■ **Work order**
In your copy, leave out the pictures and repeat every record exactly.

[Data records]
——————

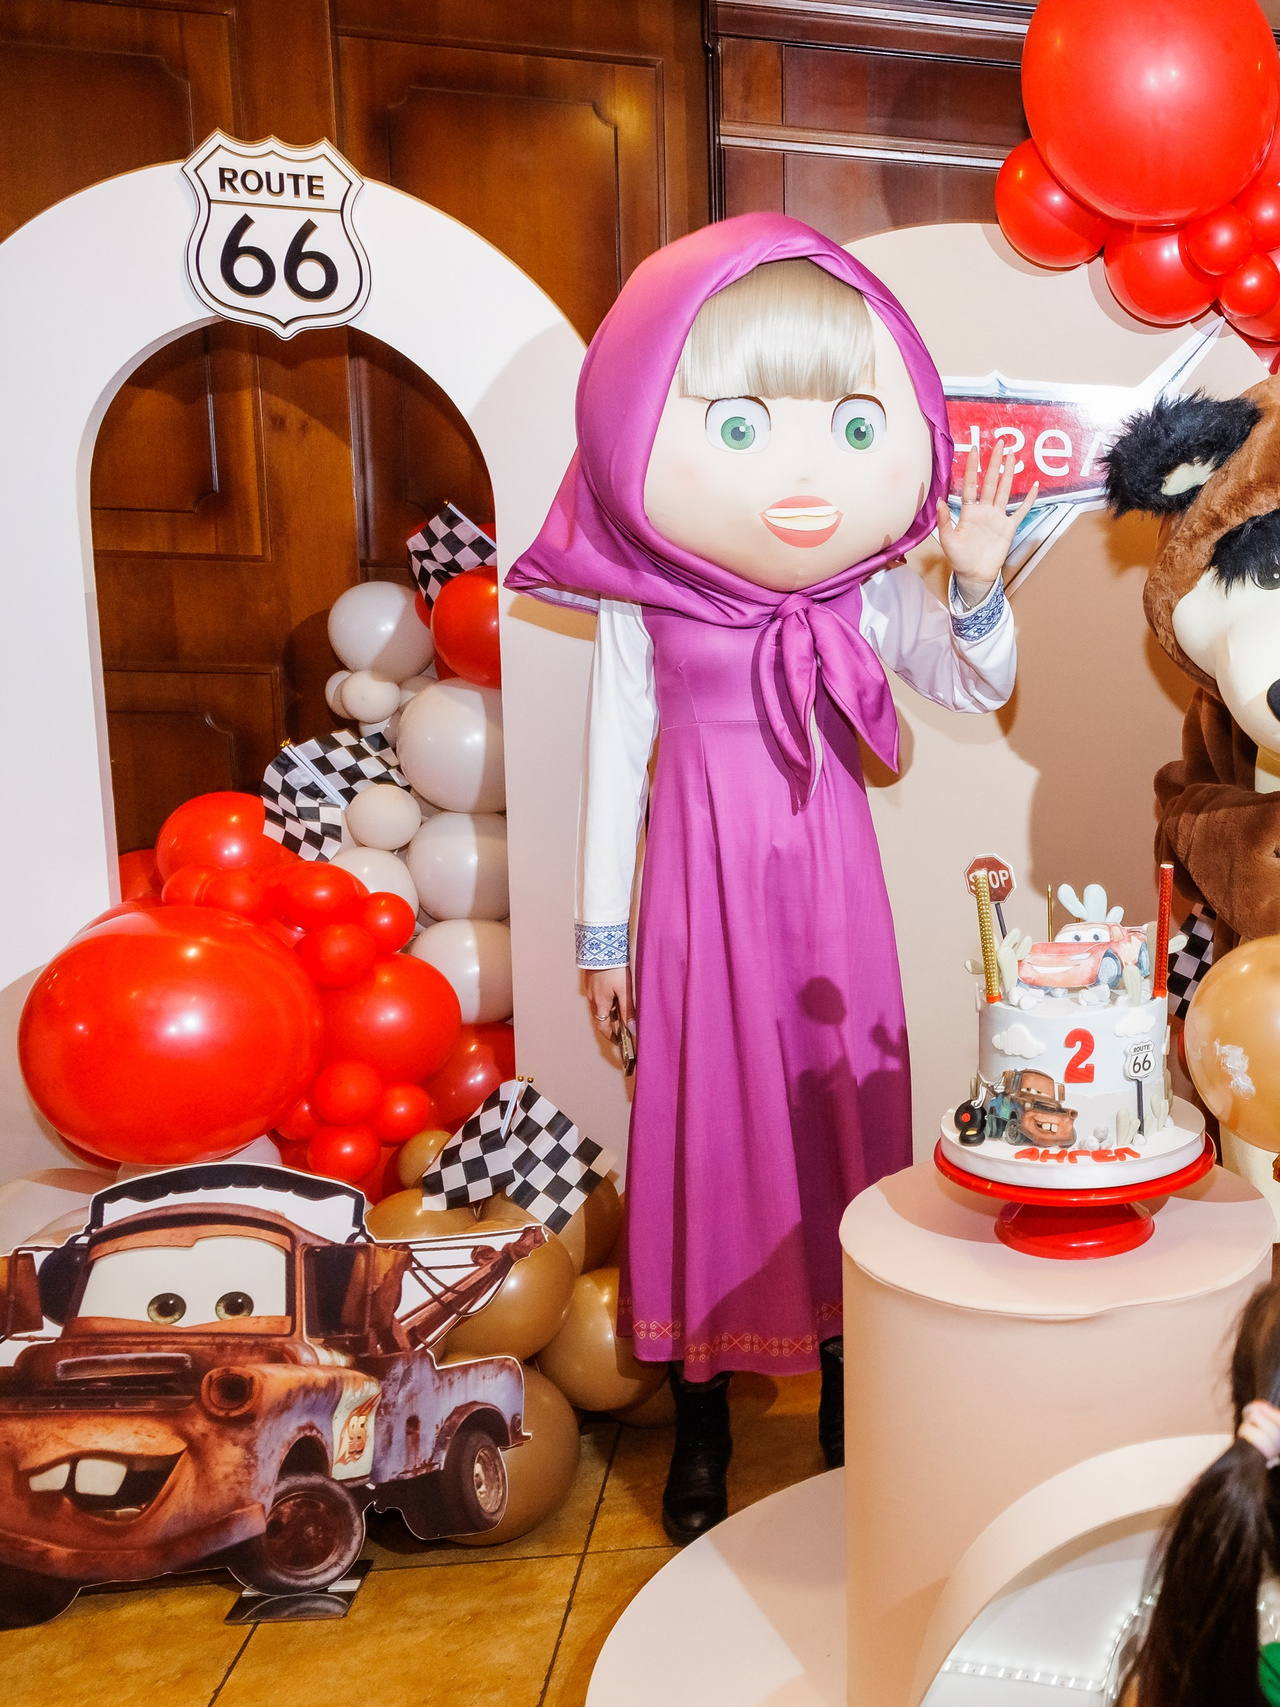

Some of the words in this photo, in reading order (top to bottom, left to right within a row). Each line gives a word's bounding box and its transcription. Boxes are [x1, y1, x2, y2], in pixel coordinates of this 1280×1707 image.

[218, 167, 325, 200] ROUTE
[220, 213, 339, 302] 66
[969, 869, 1010, 889] SOP
[1064, 1028, 1095, 1084] 2
[1133, 1044, 1150, 1053] ROUTE
[1133, 1054, 1151, 1073] 66

——————

■ **Final answer**
Some of the words in this photo, in reading order (top to bottom, left to right within a row). Each line gives a word's bounding box and its transcription. Boxes are [x1, y1, x2, y2], in pixel coordinates of this 1280×1707 image.

[218, 167, 325, 200] ROUTE
[220, 213, 339, 302] 66
[969, 869, 1010, 889] SOP
[1064, 1028, 1095, 1084] 2
[1133, 1044, 1150, 1053] ROUTE
[1133, 1054, 1151, 1073] 66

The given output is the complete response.